Your instructions:
Return all of the entries word for word, but omit the pictures they contain.

Dataset entries:
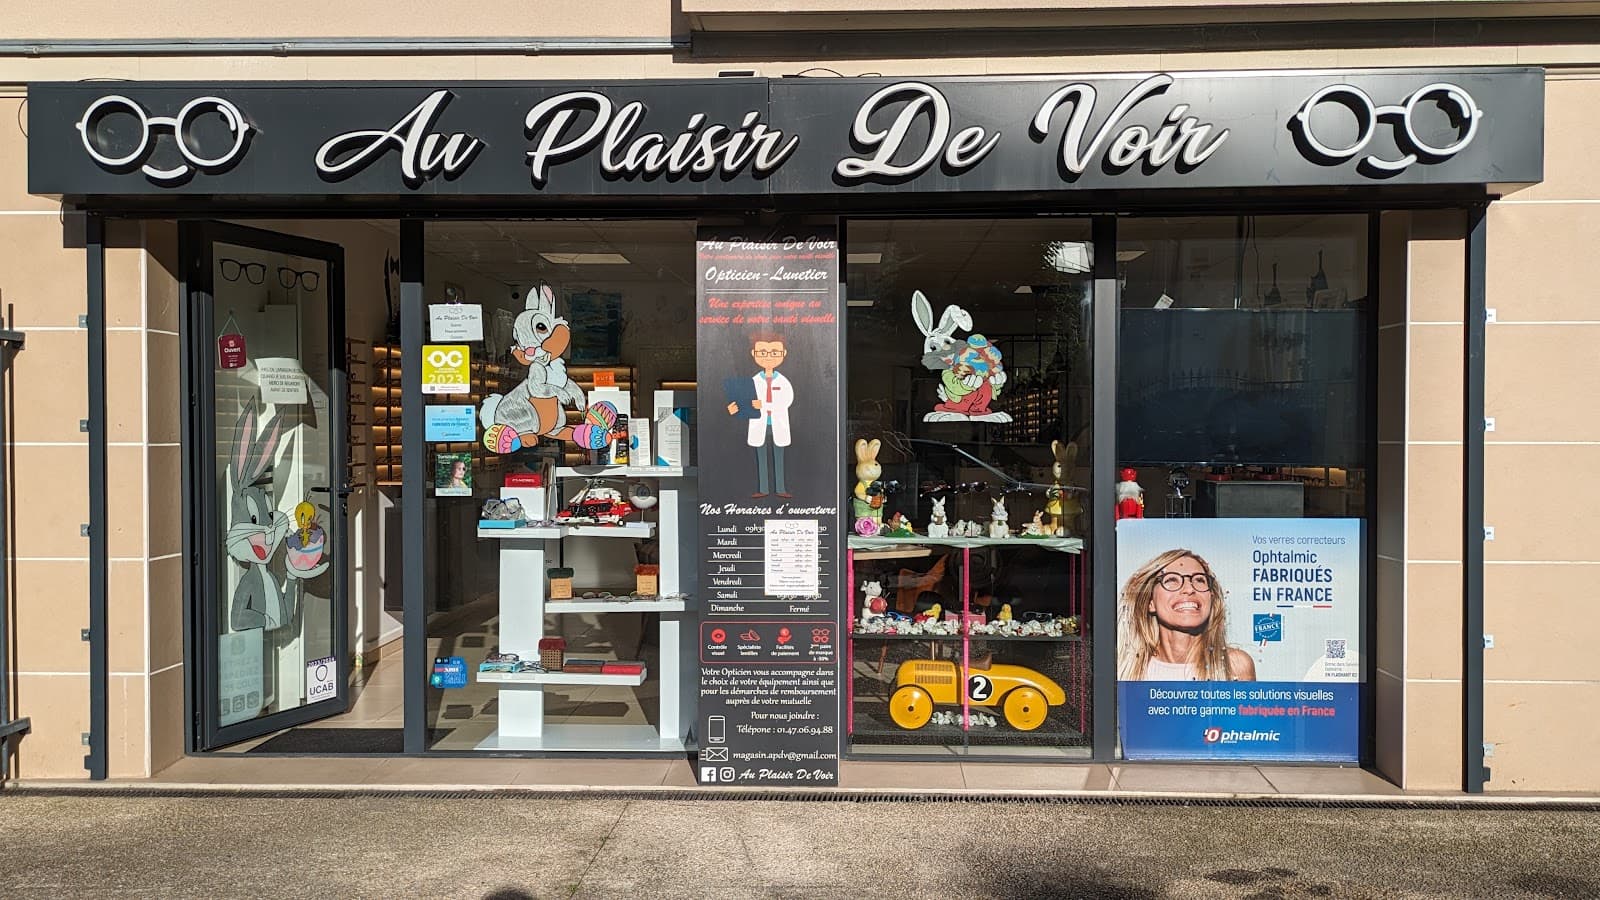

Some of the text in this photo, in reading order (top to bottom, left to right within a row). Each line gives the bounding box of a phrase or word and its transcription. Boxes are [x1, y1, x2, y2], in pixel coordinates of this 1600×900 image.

[315, 74, 1230, 183] Au Plaisir De Voir
[700, 236, 836, 251] Au Plaisir De Voir
[428, 374, 464, 384] 2023
[700, 503, 837, 515] Nos Horaires d'ouverture
[717, 524, 737, 533] Lundi
[717, 538, 738, 546] Mardi
[1252, 536, 1346, 545] Vos verres correcteurs
[712, 550, 742, 559] Mercredi
[1253, 550, 1318, 566] Ophtalmic
[717, 563, 736, 574] Jeudi
[1253, 565, 1333, 583] FABRIQUÉS
[713, 576, 742, 586] Vendredi
[717, 590, 738, 599] Samedi
[1253, 587, 1333, 602] EN FRANCE
[711, 603, 744, 612] Dimanche
[701, 668, 721, 676] Votre
[721, 668, 752, 678] Opticien
[771, 670, 815, 678] accompagne
[816, 667, 834, 676] dans
[701, 678, 708, 686] le
[709, 677, 728, 686] choix
[729, 678, 738, 686] de
[758, 677, 800, 688] équipement
[820, 680, 834, 688] que
[973, 676, 987, 698] 2
[310, 682, 334, 696] UCAB
[701, 688, 718, 697] pour
[730, 687, 768, 695] démarches
[770, 687, 779, 695] de
[780, 687, 836, 696] remboursement
[1150, 688, 1334, 701] Découvrez toutes les solutions visuelles
[725, 697, 750, 707] auprès
[751, 697, 760, 705] de
[780, 696, 812, 705] mutuelle
[751, 711, 768, 720] Pour
[787, 710, 815, 722] joindre
[1148, 704, 1335, 718] avec notre gamme fabriquée en France
[776, 726, 834, 736] 01.47.06.94.88
[733, 749, 837, 761] magasin.apdv@gmail.com
[738, 768, 834, 780] Au Plaisir De Voir
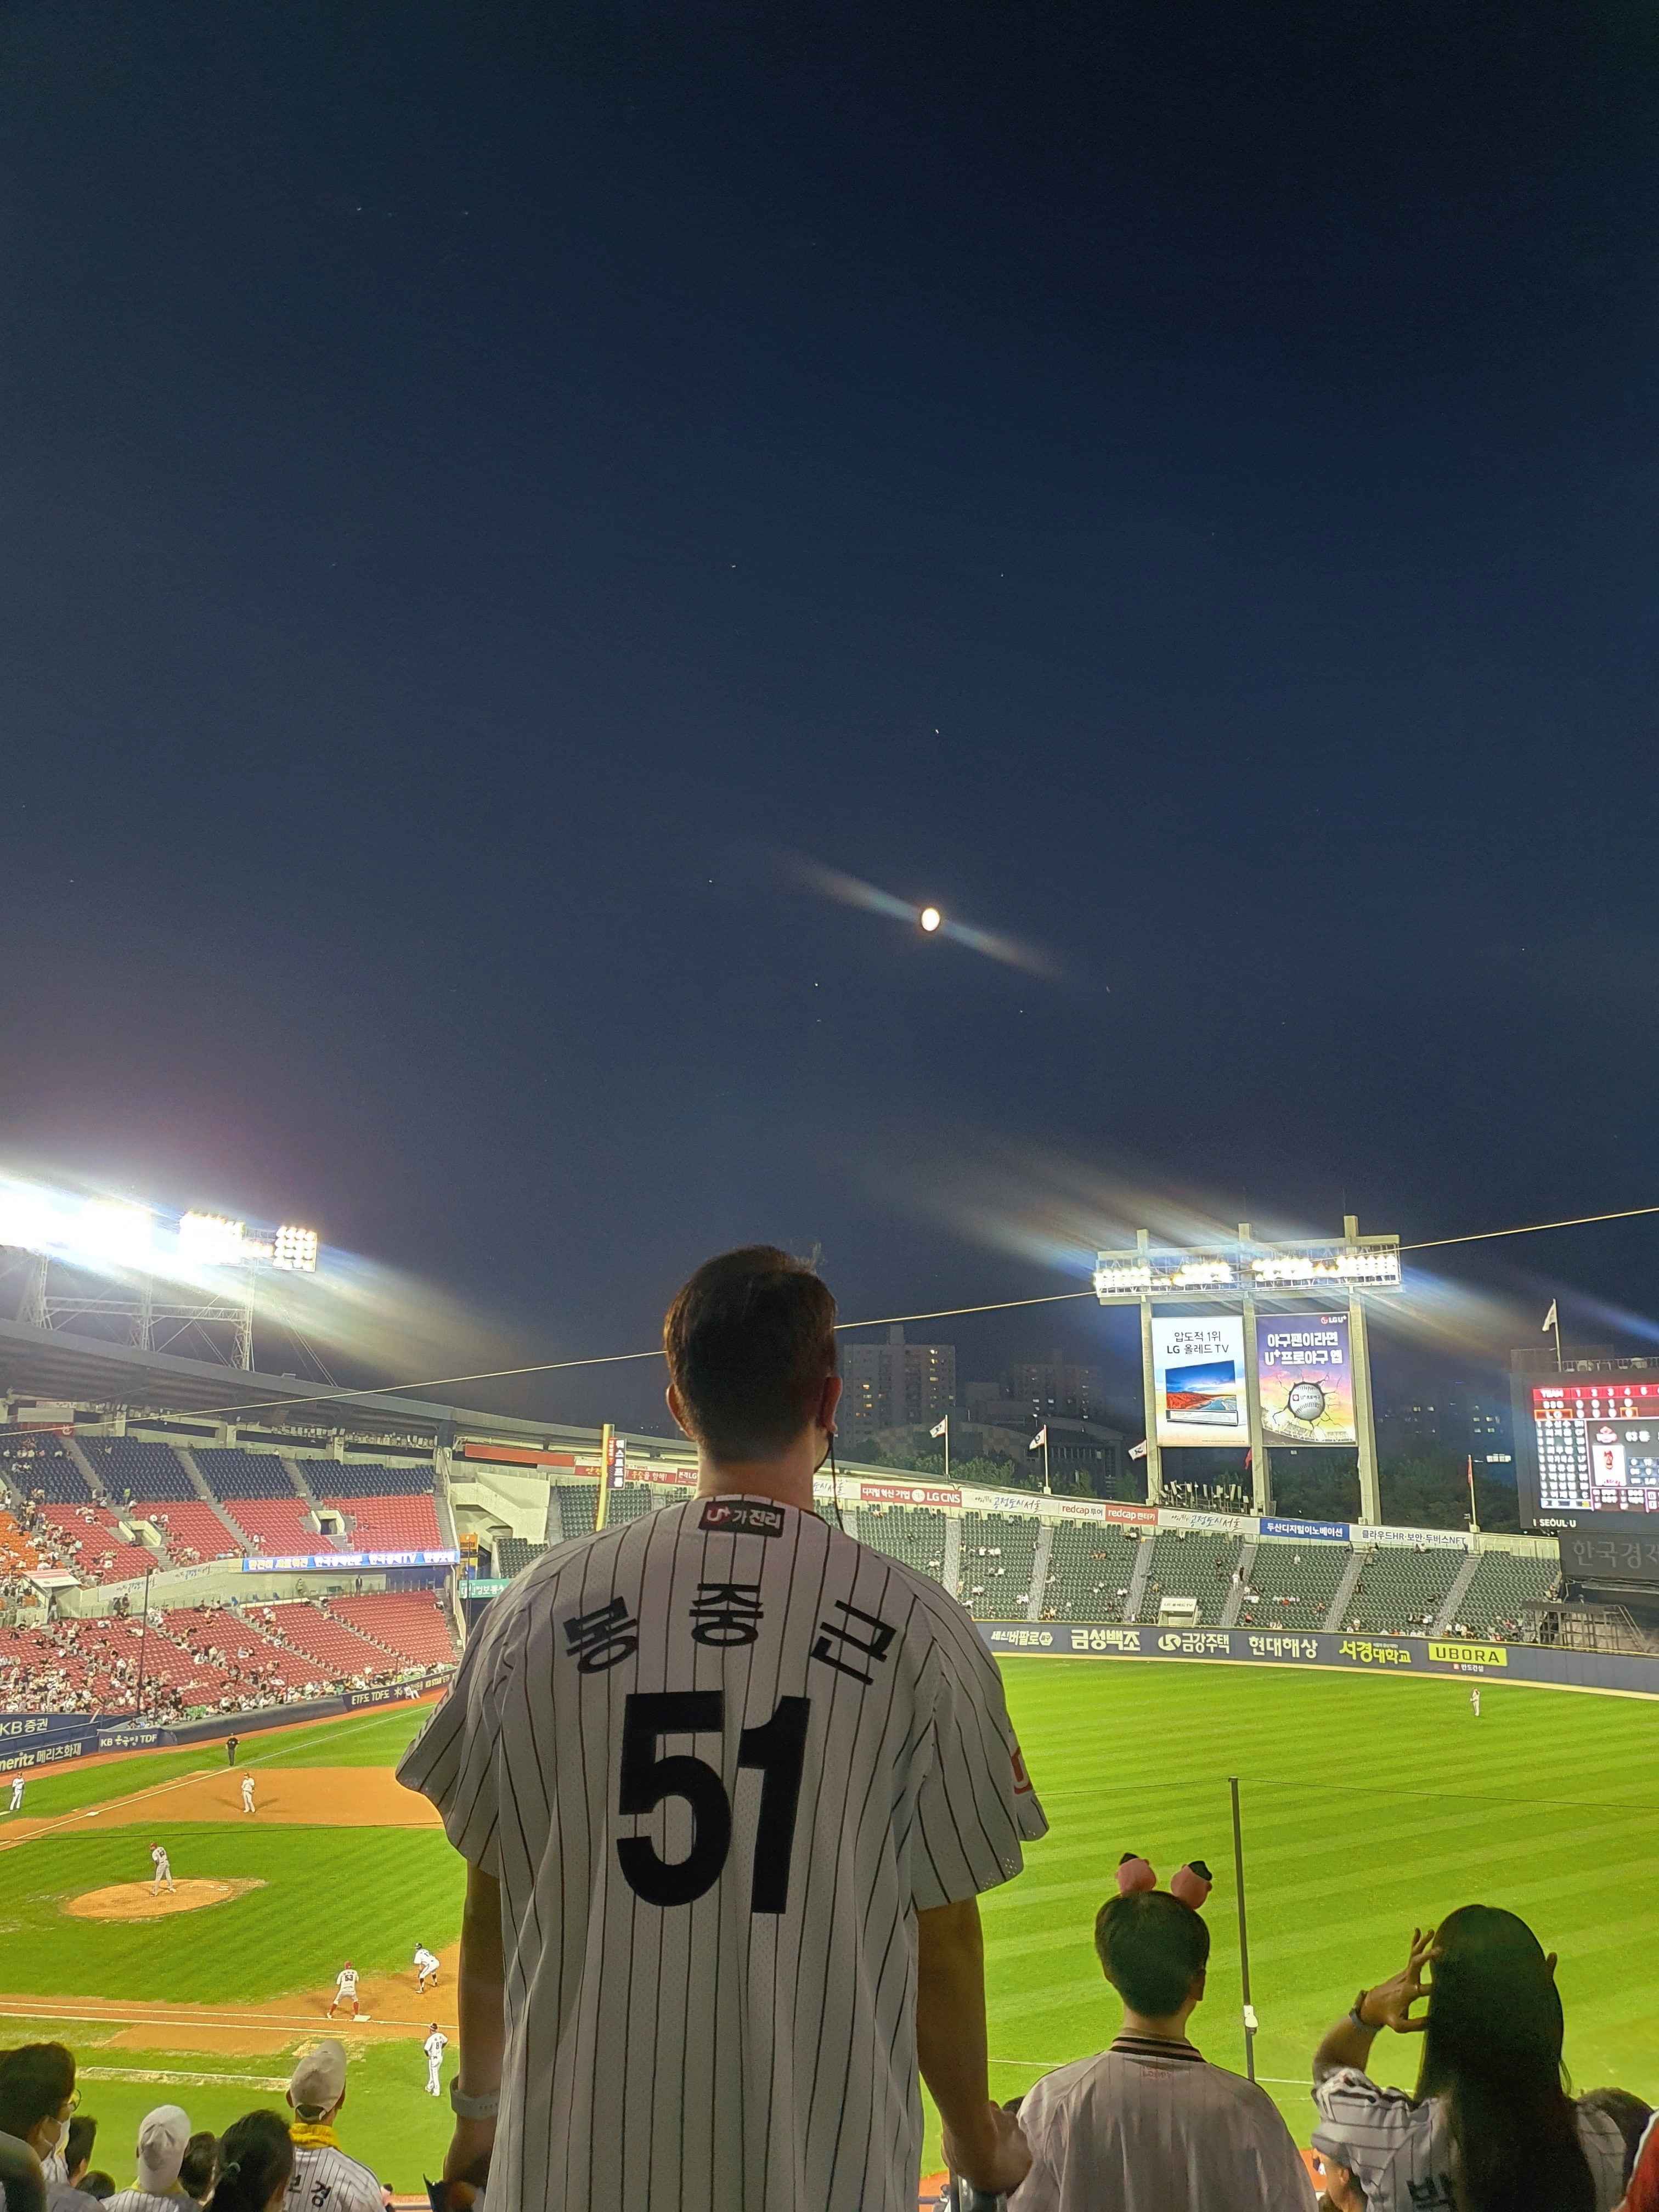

Output of the task:
Some of the text in this photo, in reading order (top to bottom, left to right within a row). Each line gives the bounding box of a phrase or word and its transcription. Boxes are [x1, y1, x2, y2], in pixel coordinates of this 1600×900 image.

[315, 74, 1230, 183] Au Plaisir De Voir
[700, 236, 836, 251] Au Plaisir De Voir
[428, 374, 464, 384] 2023
[700, 503, 837, 515] Nos Horaires d'ouverture
[717, 524, 737, 533] Lundi
[717, 538, 738, 546] Mardi
[1252, 536, 1346, 545] Vos verres correcteurs
[712, 550, 742, 559] Mercredi
[1253, 550, 1318, 566] Ophtalmic
[717, 563, 736, 574] Jeudi
[1253, 565, 1333, 583] FABRIQUÉS
[713, 576, 742, 586] Vendredi
[717, 590, 738, 599] Samedi
[1253, 587, 1333, 602] EN FRANCE
[711, 603, 744, 612] Dimanche
[701, 668, 721, 676] Votre
[721, 668, 752, 678] Opticien
[771, 670, 815, 678] accompagne
[816, 667, 834, 676] dans
[701, 678, 708, 686] le
[709, 677, 728, 686] choix
[729, 678, 738, 686] de
[758, 677, 800, 688] équipement
[820, 680, 834, 688] que
[973, 676, 987, 698] 2
[310, 682, 334, 696] UCAB
[701, 688, 718, 697] pour
[730, 687, 768, 695] démarches
[770, 687, 779, 695] de
[780, 687, 836, 696] remboursement
[1150, 688, 1334, 701] Découvrez toutes les solutions visuelles
[725, 697, 750, 707] auprès
[751, 697, 760, 705] de
[780, 696, 812, 705] mutuelle
[751, 711, 768, 720] Pour
[787, 710, 815, 722] joindre
[1148, 704, 1335, 718] avec notre gamme fabriquée en France
[776, 726, 834, 736] 01.47.06.94.88
[733, 749, 837, 761] magasin.apdv@gmail.com
[738, 768, 834, 780] Au Plaisir De Voir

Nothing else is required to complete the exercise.